Prospecting is the toughest, most time-consuming part of getting a new insurance career up and running. Buying leads can be a great way to fill your pipeline more quickly, but watch out – there are a few pitfalls you want to be sure to avoid along the way.

1. Don’t chase the “perfect lead”

The concept of “return on investment,” or ROI, is very important to us as insurance agents. If I spend $100 on leads and make $600 in commissions, I’ve got a 6:1 ROI – and I’m pretty happy with that. If I spend $500 on leads and make $600 in commissions, then I’m not nearly as happy – my ROI is significantly worse.

Early in your career, buying super-expensive leads like exclusive real-time life insurance leads or pre-set telemarketed appointments can be a quick way to tank your ROI. While your closing ratio may be marginally higher with these types of leads, the significantly higher cost means you’ll be returning less on every dollar you invest – that’s not great for business. Aged leads and direct mail campaigns may not be as flashy, but the lower cost-per-lead tips your ROI in the right direction.
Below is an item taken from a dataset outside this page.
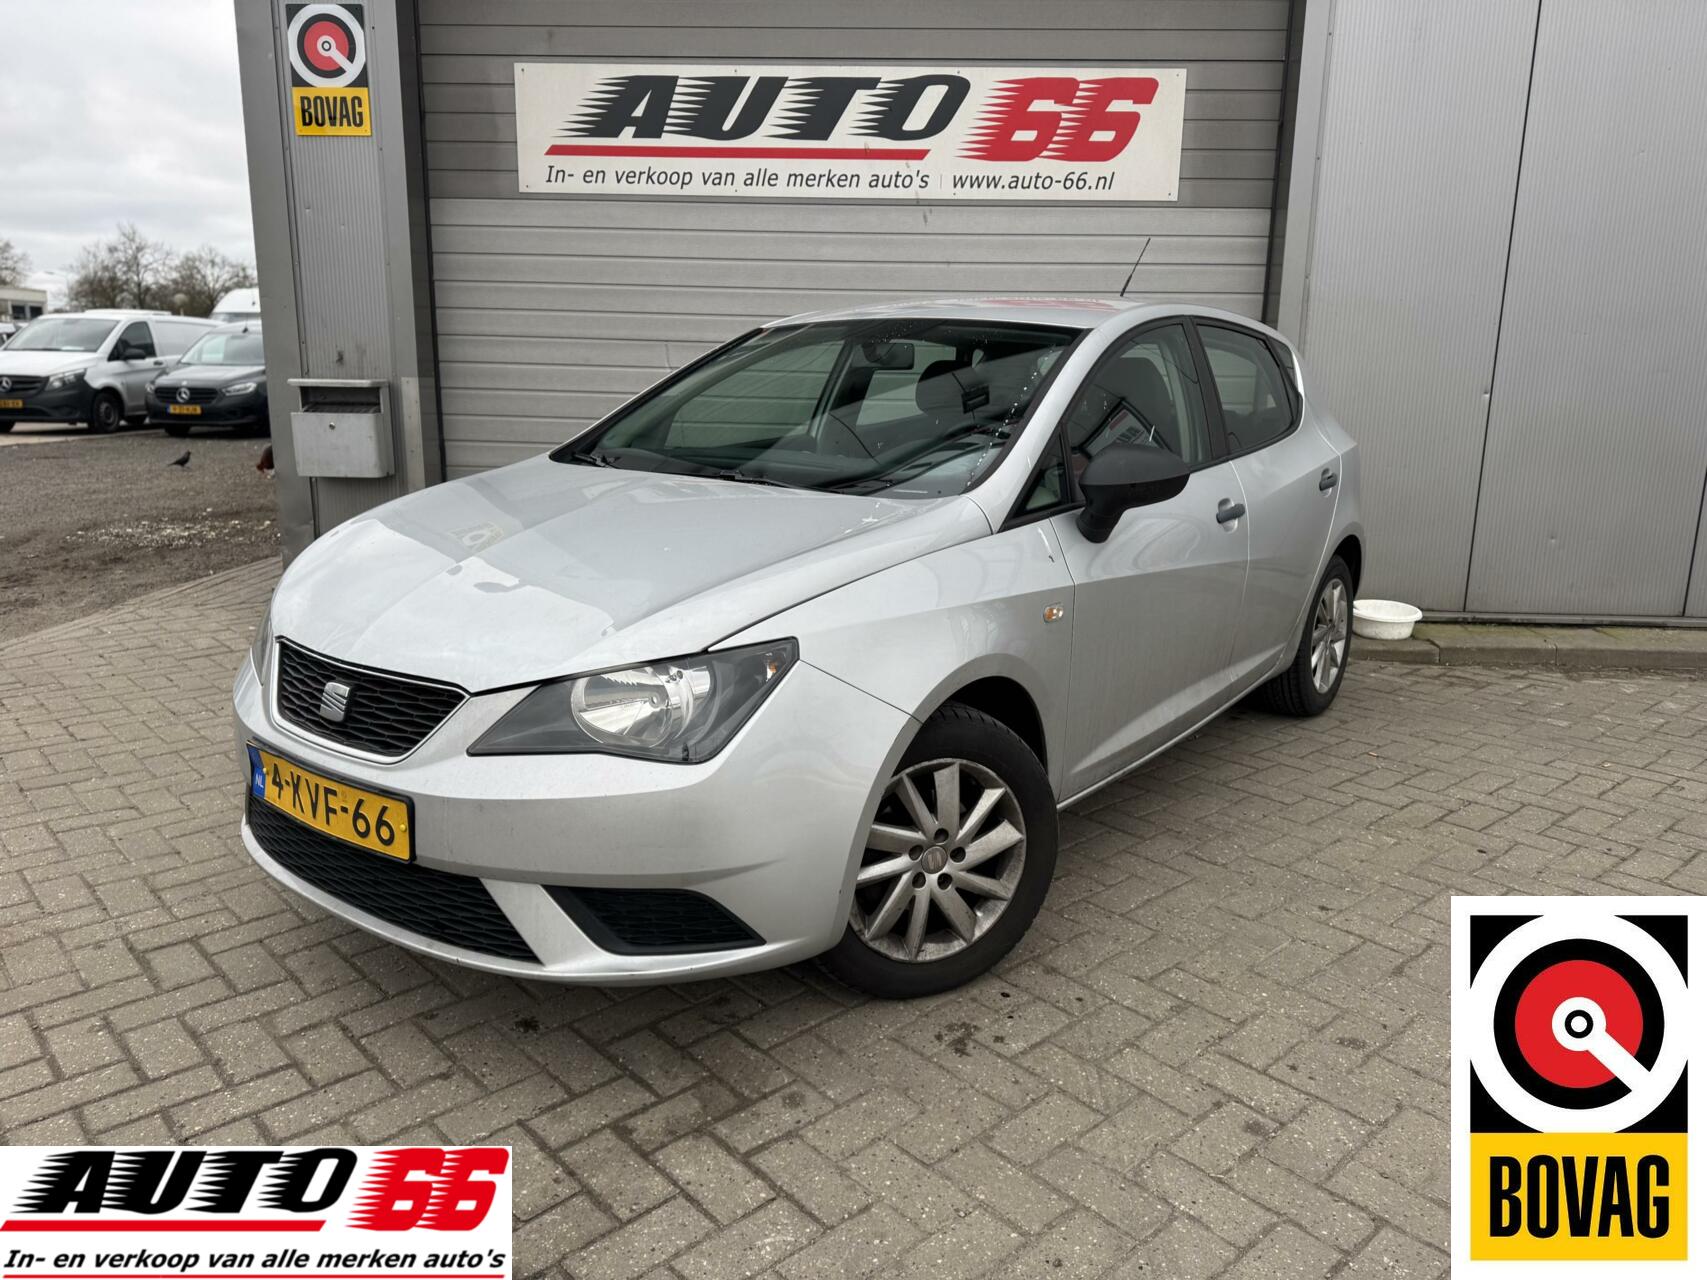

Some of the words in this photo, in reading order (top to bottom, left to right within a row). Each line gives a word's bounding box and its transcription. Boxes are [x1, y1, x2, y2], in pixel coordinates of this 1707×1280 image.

Besides, an “exclusive” lead isn’t ever really exclusive. Sure, one lead vendor may only sell that person’s information once. But if that person went to another website looking for a quote – and they probably did – there’s no telling how many times their information has been resold.

2. Take adequate sample sizes

Prospecting for insurance sales works on the law of large numbers. Sometimes you’ll buy a batch of leads and only close one or two – sometimes you’ll close many more. Over time, these peaks and valleys average out – but you’ve got to give them time to do so. Don’t make any assumptions about a lead source until you’ve given it a fair shake.

I remember the first batch of leads I ever purchased. Forty leads, and I didn’t close any of the first thirty-nine. Number forty was a big sale, though, and I reinvested some of that commission into another order. I ended up closing numbers 41, 42, 43 and 44. My ROI by then looked pretty good, and I was glad I hadn’t ditched that lead source just because of an early cold run.

3. Diversify

With the number of options available to you, there’s no reason not to spread your business around to multiple lead vendors. Sometimes the “hot hand” cools off, and you’ll want to shift your marketing dollars from one vendor to another. Tracking your ROI on a consistent basis makes it possible to determine when a move like this may be necessary, and trying multiple lead sources means you’ll never lack for options if you need to swap things around.

In addition to trying multiple vendors, try multiple types of leads as well. You may be great on the phone, but even better with direct mail. If you don’t try it you’ll never know. Don’t be afraid to invest in your business and explore multiple marketing avenues!